Gabriel era hijo de un
distinguido abogado, Sante Possenti, quien ocupó una serie de cargos
importantes por cuenta del gobierno de los Estados Pontificios. Tuvo trece
hijos, el undécimo de los cuales fue el futuro santo, que nació en 1838 y
recibió en el bautismo el nombre de Francisco. Algunos de los hermanos del
santo murieron en la niñez. La madre falleció en 1842, cuando Francisco sólo
tenía cuatro años. El señor Possenti acababa de ser nombrado principal asesor de
la ciudad de Espoleto, donde Francisco recibió casi toda su educación, en el
colegio de los jesuitas. A diferencia de tantas otras vidas de aspirantes a la
canonización, en las que la leyenda ha introducido una serie de hechos
sorprendentes de dudoso gusto, la infancia de Francisco Possenti, como la de
Santa Teresa del Niño Jesús, fue perfectamente ordinaria. No se cuenta de él
que haya tenido visiones a los cuatro años, ni que haya inventado formas
extraordinarias de penitencia antes de los ocho. Al contrario, parece que
poseía un temperamento vehemente, que no siempre sabía dominar, y que era muy
meticuloso en cuestión de vestido y apariencia personal. Leía muchas novelas,
era muy alegre e iba con frecuencia al teatro, si bien las piezas que veía no
tenían nada de escandaloso. Su carácter alegre y su atractivo físico lo
hicieron muy popular. Aunque no hay razones para creer que haya perdido la
inocencia bautismal, ni quebrantado gravemente la ley de Dios, lo cierto es que
durante su vida de religioso, el santo no veía con buenos ojos esa primera
parte de su vida. Más tarde escribió a un amigo:
Querido
Felipe, si realmente amas a tu alma, apártate de las malas compañías y no
frecuentes el teatro. Yo sé por experiencia, cuán difícil es salir de él en
estado de gracia; por lo menos constituye un grave peligro. Evita las reuniones
mundanas y las malas lecturas. Creo, te lo aseguro, que, si hubiese permanecido
en el mundo, no habría conseguido la salvación de mi alma. Dime: ¿No crees que
yo me divertí bastante? Pues bien, el resultado de todo ello no es más que la
amargura y el temor. No te rías de mí, Felipe, porque te estoy hablando con el
corazón en la mano. Te ruego que me perdones, si alguna vez te escandalicé. Y
retiro todo el mal que pueda haber dicho de otros delante de ti. Perdóname y
pide que Dios me perdone también.
Probablemente el tono de
autoacusación de esta carta se debe a la sensibilidad de conciencia que el
santo desarrolló durante el noviciado; pero no es imposible que sus años de
juventud hayan sido relativamente frívolos, ya que sus amigos le llamaban, sin
duda con cierta exageración, «il damerino», es decir, «el enamoradizo». Tal vez
san Gabriel no prestó oídos al llamado de Dios la primera vez que Él se dejó
oír claramente en su corazón. Antes de terminar sus estudios, que debían
abrirle una prometedora carrera en el mundo, cayó gravemente enfermo y prometió
entrar en religión, si recobraba la salud; pero al sanar no hizo nada por cumplir
su promesa. Un año o dos más tarde, un ataque de laringitis le puso de nuevo a
las puertas de la muerte; renovó su promesa y se encomendó a la intercesión del
mártir jesuita San Andrés Bobola, que acababa de ser beatificado. Habiendo
recobrado milagrosamente la salud, pidió ser admitido en la Compañía de Jesús.

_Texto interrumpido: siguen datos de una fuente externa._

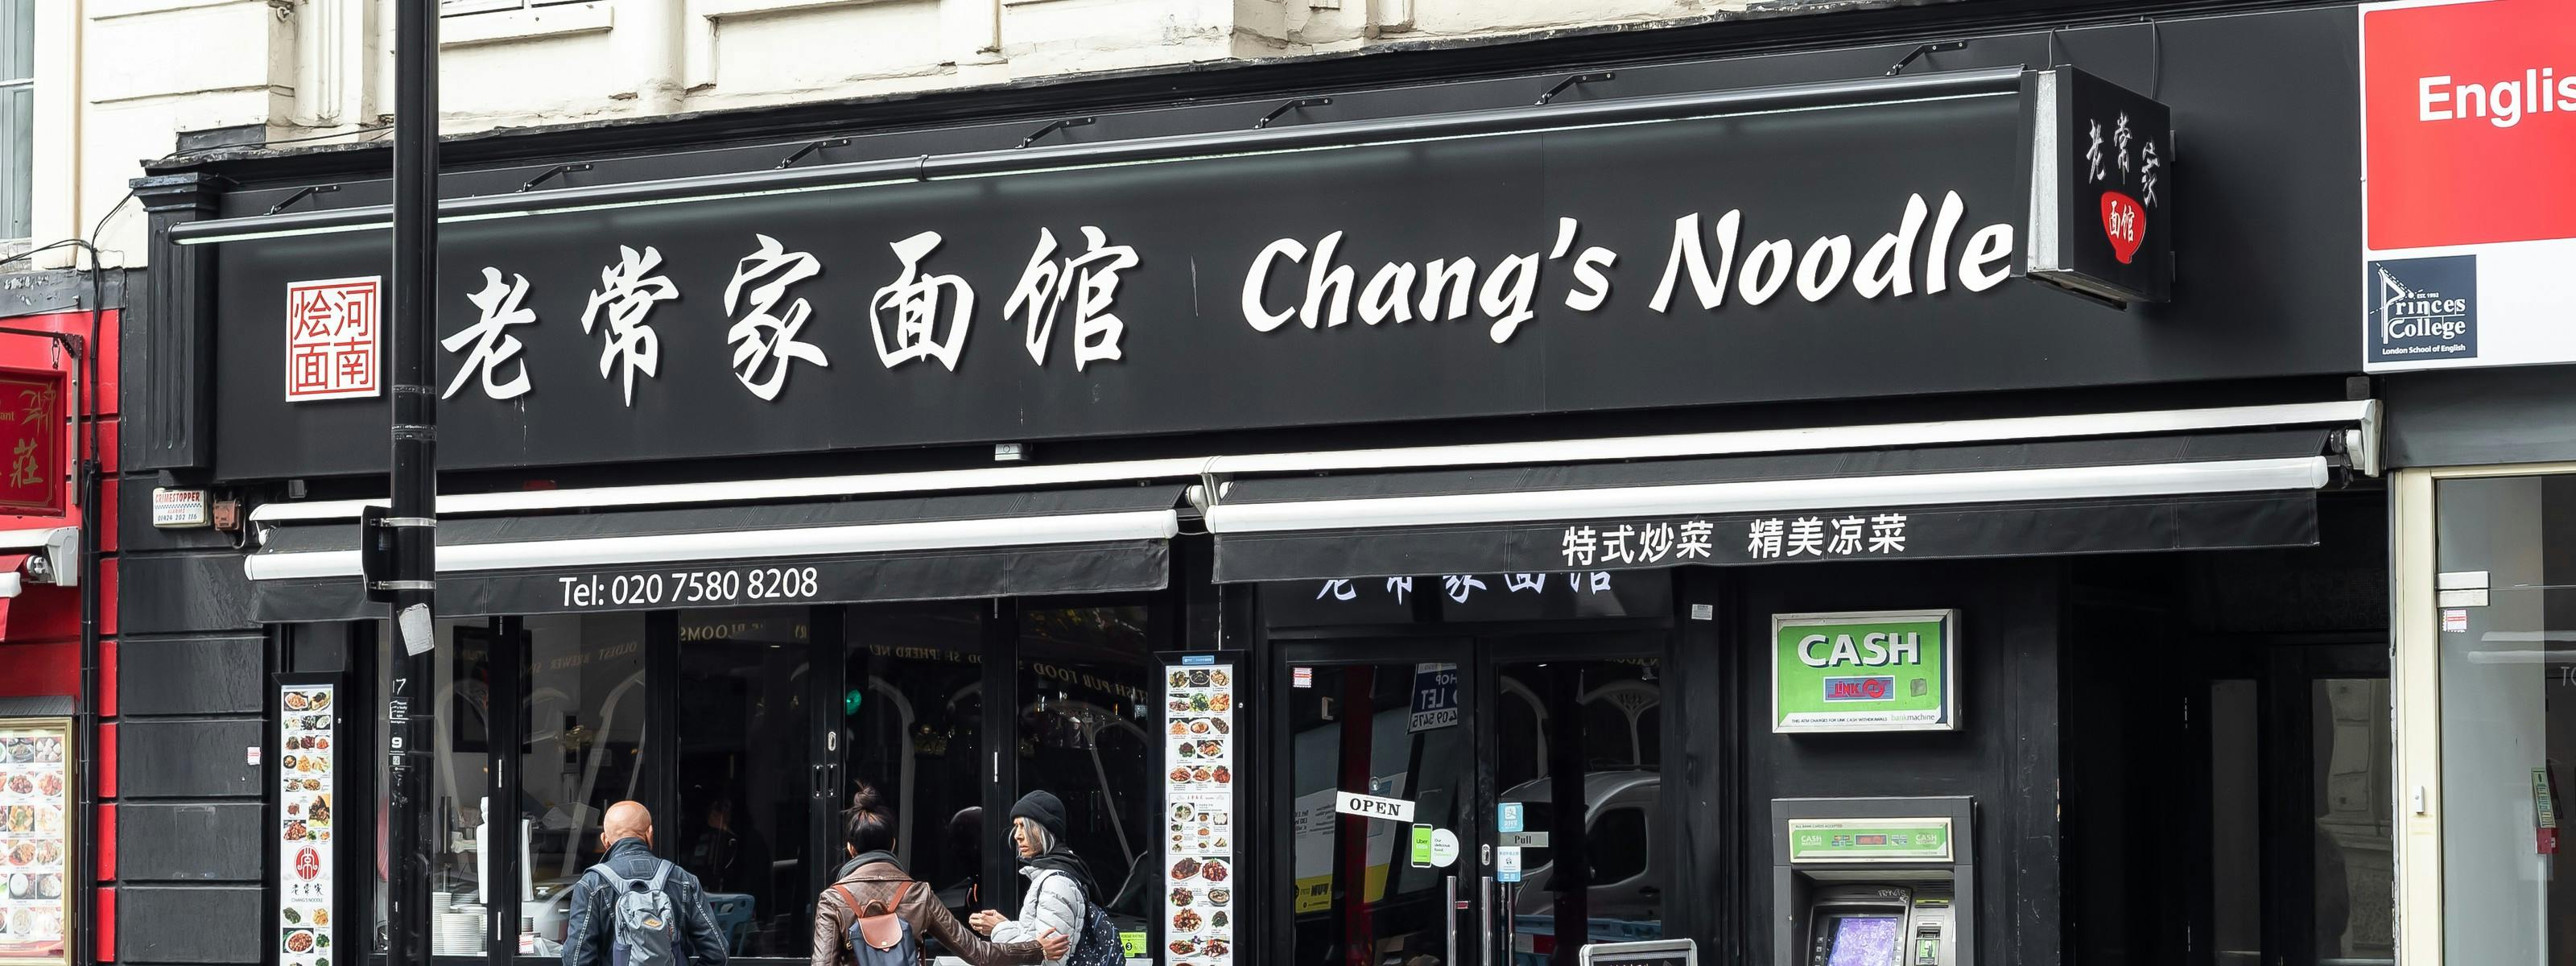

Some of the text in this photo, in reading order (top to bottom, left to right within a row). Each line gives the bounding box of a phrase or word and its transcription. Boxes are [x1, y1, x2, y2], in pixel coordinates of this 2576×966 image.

Fue aceptado, pero dilató su ingreso, pues tal vez dudaba si Dios le llamaba a
una vida de mayor penitencia, y además no tenía sino diecisiete años. Por
entonces, el cólera le arrebató a su hermana predilecta. Impresionado por la
fragilidad de la vida humana, Francisco ingresó en la Congregación de los
Pasionistas, con la aprobación de su confesor, que era un jesuita. En el
noviciado de Morrovalle, a donde llegó en septiembre de 1856, recibió el nombre
de Gabriel de la Dolorosa. La vida de Gabriel se convirtió desde entonces en un
extraordinario esfuerzo por alcanzar la perfección en las cosas pequeñas.

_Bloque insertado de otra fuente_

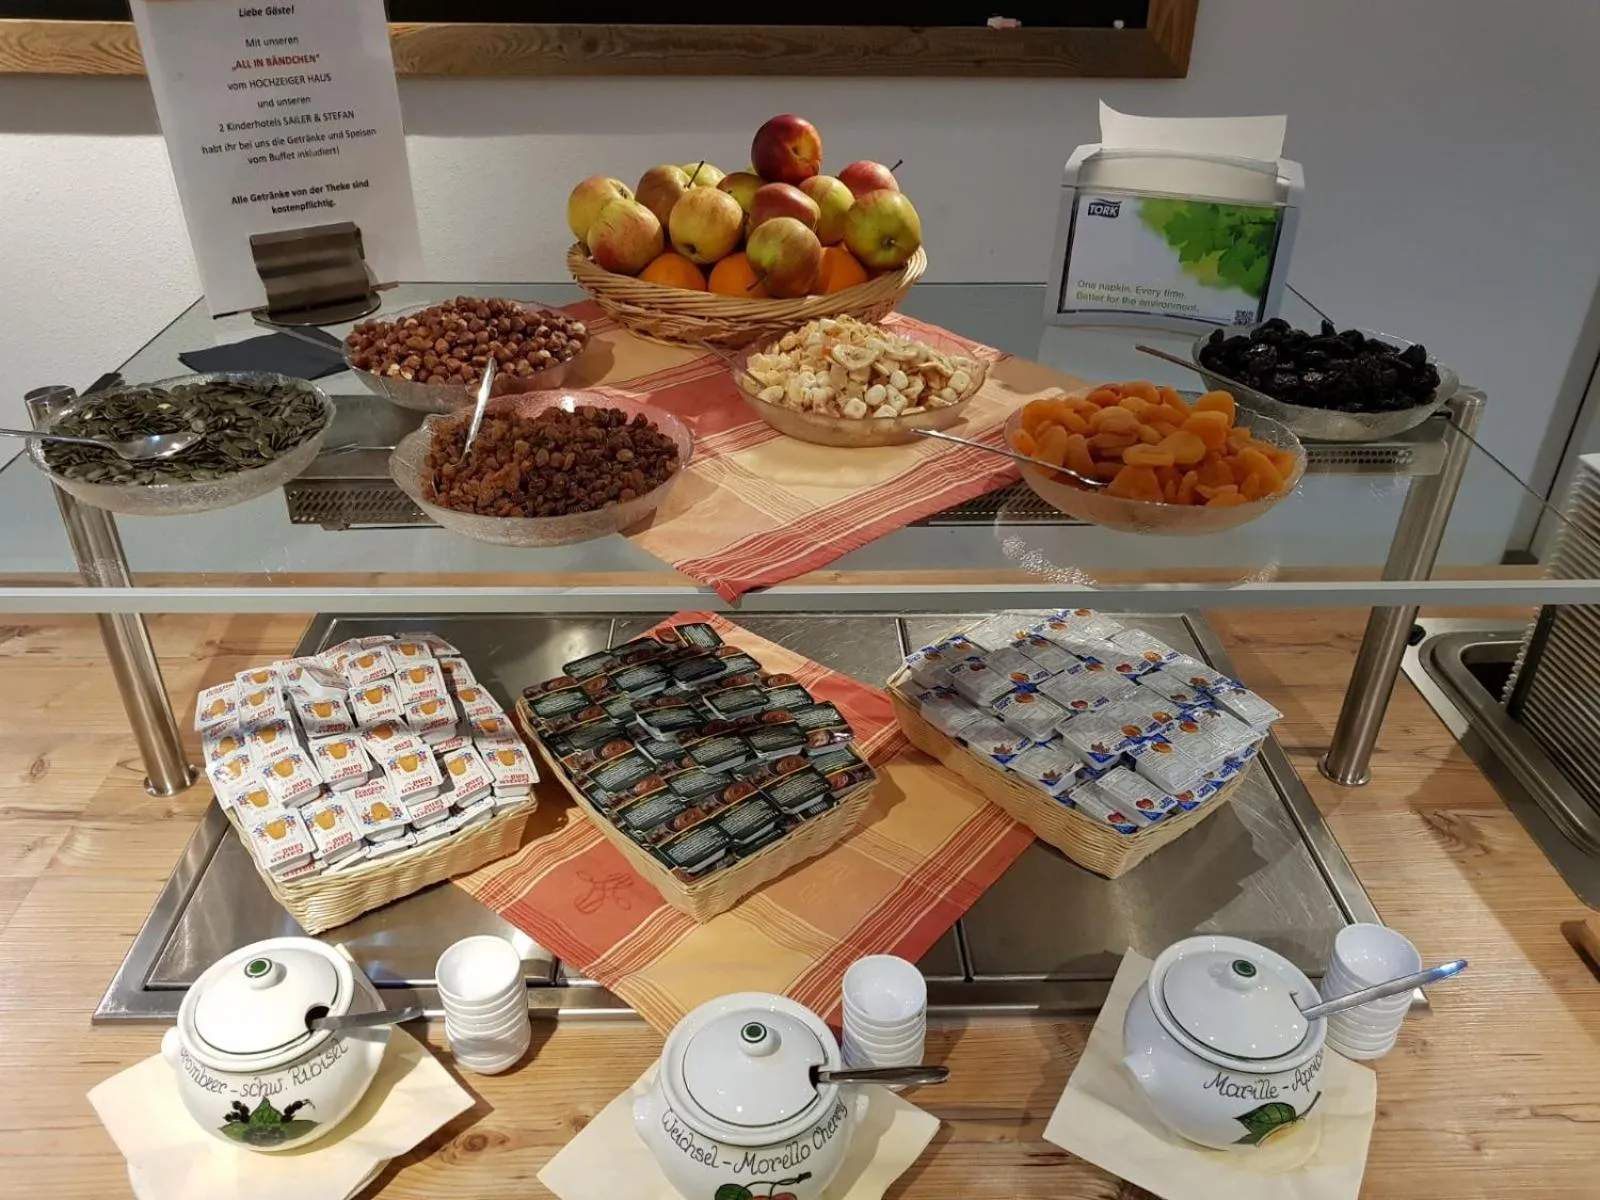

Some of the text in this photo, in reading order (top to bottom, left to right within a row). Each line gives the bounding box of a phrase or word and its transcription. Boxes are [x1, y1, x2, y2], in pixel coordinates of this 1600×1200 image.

[239, 7, 263, 18] Liebe
[245, 36, 299, 48] Mit unseren
[253, 58, 264, 68] IN
[227, 73, 332, 91] vom HOCHZEIGER HAUS
[257, 95, 311, 108] und unseren
[218, 110, 355, 132] 2 Kinderhotels SAILER & STEFAN
[201, 127, 377, 155] habt ihr bei uns die Getränke und Speisen
[247, 155, 268, 165] vom
[269, 151, 296, 163] Buffet
[231, 179, 369, 205] Alle Getränke von der Theke sind
[1089, 203, 1120, 217] TORK
[1078, 279, 1096, 290] One
[1135, 285, 1162, 299] Every
[1076, 292, 1105, 302] Better
[1106, 294, 1120, 304] for
[1121, 296, 1137, 306] the
[1203, 1071, 1280, 1099] Marille
[661, 1107, 720, 1169] Weichsel
[733, 1141, 811, 1175] Morello
[812, 1097, 849, 1151] Cherry

Quienes tuvieron oportunidad de conocerle se sintieron impresionados por su
lucidez, su espíritu de oración, su caridad con los pobres, su amor al prójimo,
su exacta observancia, su deseo constante de mortificarse más allá de sus
fuerzas (sin dejar por ello de someterse al juicio de sus superiores), y su
absoluta docilidad en la obediencia. Los testimonios de las actas de
beatificación son totalmente convincentes. La vida de san Gabriel de la
Dolorosa fue de una generosidad sin límites; pero lo más extraordinario es la
alegría con que supo consumar el sacrificio. Naturalmente, una vida así tiene
pocos detalles pintorescos. Citemos, como ejemplo de la sencillez con que el
santo tendió a la perfección, un pasaje de una de sus biografías, pero
recordemos que bajo esa aparente sencillez se esconde la enorme fatiga del
vencimiento constante de sí mismo:
Su
deseo de penitencia era insaciable. Durante mucho tiempo pidió permiso de
llevar un áspero cilicio de metal. Sus superiores se lo negaron pero el santo
continuó pidiéndolo modestamente. Su director le decía: «Quieres a toda costa
llevar una pobre cadenilla, cuando lo que realmente necesitas es encadenar tu
voluntad. Vete y no me hables más de ello». El santo se retiraba profundamente
mortificado. En otra ocasión, su director le dijo al mismo propósito: «Puesto
que tienes tantas ganas de ese cilicio, te doy permiso de que te lo pongas;
pero tienes que llevarlo encima del hábito y a la vista de todos, para que todo
el mundo sepa cuán mortificado eres». A pesar de la humillación que eso le
causaba, Gabriel se puso el cilicio como su director se lo había indicado; esto
hizo reír mucho a sus compañeros, pero Gabriel lo soportó en silencio, sin
pedir que le dispensaran de esa mortificación que le ponía en ridículo.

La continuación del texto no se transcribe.